Text-to-region grounding data:
--------------------------------
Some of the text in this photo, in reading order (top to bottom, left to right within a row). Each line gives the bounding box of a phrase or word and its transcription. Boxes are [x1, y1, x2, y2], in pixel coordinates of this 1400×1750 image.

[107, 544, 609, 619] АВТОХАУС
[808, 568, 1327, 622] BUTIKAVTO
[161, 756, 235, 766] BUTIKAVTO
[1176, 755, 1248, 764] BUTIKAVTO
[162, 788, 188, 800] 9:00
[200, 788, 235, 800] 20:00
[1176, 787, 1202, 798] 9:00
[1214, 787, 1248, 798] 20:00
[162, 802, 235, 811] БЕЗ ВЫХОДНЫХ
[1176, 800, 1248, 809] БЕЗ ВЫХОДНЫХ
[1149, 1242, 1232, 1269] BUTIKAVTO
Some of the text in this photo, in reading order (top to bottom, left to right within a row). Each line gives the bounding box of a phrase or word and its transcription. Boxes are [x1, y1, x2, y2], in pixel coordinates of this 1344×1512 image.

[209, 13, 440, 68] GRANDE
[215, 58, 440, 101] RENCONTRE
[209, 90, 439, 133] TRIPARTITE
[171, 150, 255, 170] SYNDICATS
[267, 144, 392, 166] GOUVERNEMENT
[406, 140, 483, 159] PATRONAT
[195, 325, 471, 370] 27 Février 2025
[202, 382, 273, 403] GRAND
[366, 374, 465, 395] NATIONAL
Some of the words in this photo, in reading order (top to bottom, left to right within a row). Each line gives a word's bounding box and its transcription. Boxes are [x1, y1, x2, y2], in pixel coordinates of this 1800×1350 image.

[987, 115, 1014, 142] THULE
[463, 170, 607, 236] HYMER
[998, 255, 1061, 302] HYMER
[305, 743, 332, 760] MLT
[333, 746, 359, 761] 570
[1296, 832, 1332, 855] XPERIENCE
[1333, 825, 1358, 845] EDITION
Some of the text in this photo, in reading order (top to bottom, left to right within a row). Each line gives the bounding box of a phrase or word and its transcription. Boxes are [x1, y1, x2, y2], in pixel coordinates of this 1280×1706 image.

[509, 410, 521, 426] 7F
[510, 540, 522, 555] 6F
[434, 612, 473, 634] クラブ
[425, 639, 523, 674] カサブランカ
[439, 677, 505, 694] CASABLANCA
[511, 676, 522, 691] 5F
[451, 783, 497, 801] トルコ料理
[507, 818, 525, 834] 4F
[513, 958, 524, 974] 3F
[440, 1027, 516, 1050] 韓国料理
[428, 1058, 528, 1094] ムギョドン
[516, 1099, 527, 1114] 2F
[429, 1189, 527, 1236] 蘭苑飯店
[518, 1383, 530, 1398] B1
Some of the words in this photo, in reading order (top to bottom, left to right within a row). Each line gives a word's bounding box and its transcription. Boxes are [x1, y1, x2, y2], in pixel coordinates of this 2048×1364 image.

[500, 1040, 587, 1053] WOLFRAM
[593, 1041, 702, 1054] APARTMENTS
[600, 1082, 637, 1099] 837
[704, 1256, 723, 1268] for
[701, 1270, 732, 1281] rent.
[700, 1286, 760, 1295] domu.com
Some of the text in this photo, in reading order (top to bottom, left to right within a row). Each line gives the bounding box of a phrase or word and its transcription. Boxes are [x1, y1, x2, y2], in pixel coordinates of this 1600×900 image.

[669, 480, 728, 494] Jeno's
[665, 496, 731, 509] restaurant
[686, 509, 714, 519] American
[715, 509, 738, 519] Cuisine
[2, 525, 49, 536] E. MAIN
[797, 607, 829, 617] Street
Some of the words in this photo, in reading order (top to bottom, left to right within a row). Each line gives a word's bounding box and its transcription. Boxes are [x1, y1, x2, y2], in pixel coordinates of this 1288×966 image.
--------------------------------
EXERCISE AIM =
Print all the records exactly as written.

EXPECTED OUTPUT =
Some of the text in this photo, in reading order (top to bottom, left to right within a row). Each line gives the bounding box of a phrase or word and its transcription. Boxes are [x1, y1, x2, y2], in pixel coordinates of this 1400×1750 image.

[107, 544, 609, 619] АВТОХАУС
[808, 568, 1327, 622] BUTIKAVTO
[161, 756, 235, 766] BUTIKAVTO
[1176, 755, 1248, 764] BUTIKAVTO
[162, 788, 188, 800] 9:00
[200, 788, 235, 800] 20:00
[1176, 787, 1202, 798] 9:00
[1214, 787, 1248, 798] 20:00
[162, 802, 235, 811] БЕЗ ВЫХОДНЫХ
[1176, 800, 1248, 809] БЕЗ ВЫХОДНЫХ
[1149, 1242, 1232, 1269] BUTIKAVTO
Some of the text in this photo, in reading order (top to bottom, left to right within a row). Each line gives the bounding box of a phrase or word and its transcription. Boxes are [x1, y1, x2, y2], in pixel coordinates of this 1344×1512 image.

[209, 13, 440, 68] GRANDE
[215, 58, 440, 101] RENCONTRE
[209, 90, 439, 133] TRIPARTITE
[171, 150, 255, 170] SYNDICATS
[267, 144, 392, 166] GOUVERNEMENT
[406, 140, 483, 159] PATRONAT
[195, 325, 471, 370] 27 Février 2025
[202, 382, 273, 403] GRAND
[366, 374, 465, 395] NATIONAL
Some of the words in this photo, in reading order (top to bottom, left to right within a row). Each line gives a word's bounding box and its transcription. Boxes are [x1, y1, x2, y2], in pixel coordinates of this 1800×1350 image.

[987, 115, 1014, 142] THULE
[463, 170, 607, 236] HYMER
[998, 255, 1061, 302] HYMER
[305, 743, 332, 760] MLT
[333, 746, 359, 761] 570
[1296, 832, 1332, 855] XPERIENCE
[1333, 825, 1358, 845] EDITION
Some of the text in this photo, in reading order (top to bottom, left to right within a row). Each line gives the bounding box of a phrase or word and its transcription. Boxes are [x1, y1, x2, y2], in pixel coordinates of this 1280×1706 image.

[509, 410, 521, 426] 7F
[510, 540, 522, 555] 6F
[434, 612, 473, 634] クラブ
[425, 639, 523, 674] カサブランカ
[439, 677, 505, 694] CASABLANCA
[511, 676, 522, 691] 5F
[451, 783, 497, 801] トルコ料理
[507, 818, 525, 834] 4F
[513, 958, 524, 974] 3F
[440, 1027, 516, 1050] 韓国料理
[428, 1058, 528, 1094] ムギョドン
[516, 1099, 527, 1114] 2F
[429, 1189, 527, 1236] 蘭苑飯店
[518, 1383, 530, 1398] B1
Some of the words in this photo, in reading order (top to bottom, left to right within a row). Each line gives a word's bounding box and its transcription. Boxes are [x1, y1, x2, y2], in pixel coordinates of this 2048×1364 image.

[500, 1040, 587, 1053] WOLFRAM
[593, 1041, 702, 1054] APARTMENTS
[600, 1082, 637, 1099] 837
[704, 1256, 723, 1268] for
[701, 1270, 732, 1281] rent.
[700, 1286, 760, 1295] domu.com
Some of the text in this photo, in reading order (top to bottom, left to right within a row). Each line gives the bounding box of a phrase or word and its transcription. Boxes are [x1, y1, x2, y2], in pixel coordinates of this 1600×900 image.

[669, 480, 728, 494] Jeno's
[665, 496, 731, 509] restaurant
[686, 509, 714, 519] American
[715, 509, 738, 519] Cuisine
[2, 525, 49, 536] E. MAIN
[797, 607, 829, 617] Street
Some of the words in this photo, in reading order (top to bottom, left to right within a row). Each line gives a word's bounding box and its transcription. Boxes are [x1, y1, x2, y2], in pixel coordinates of this 1288×966 image.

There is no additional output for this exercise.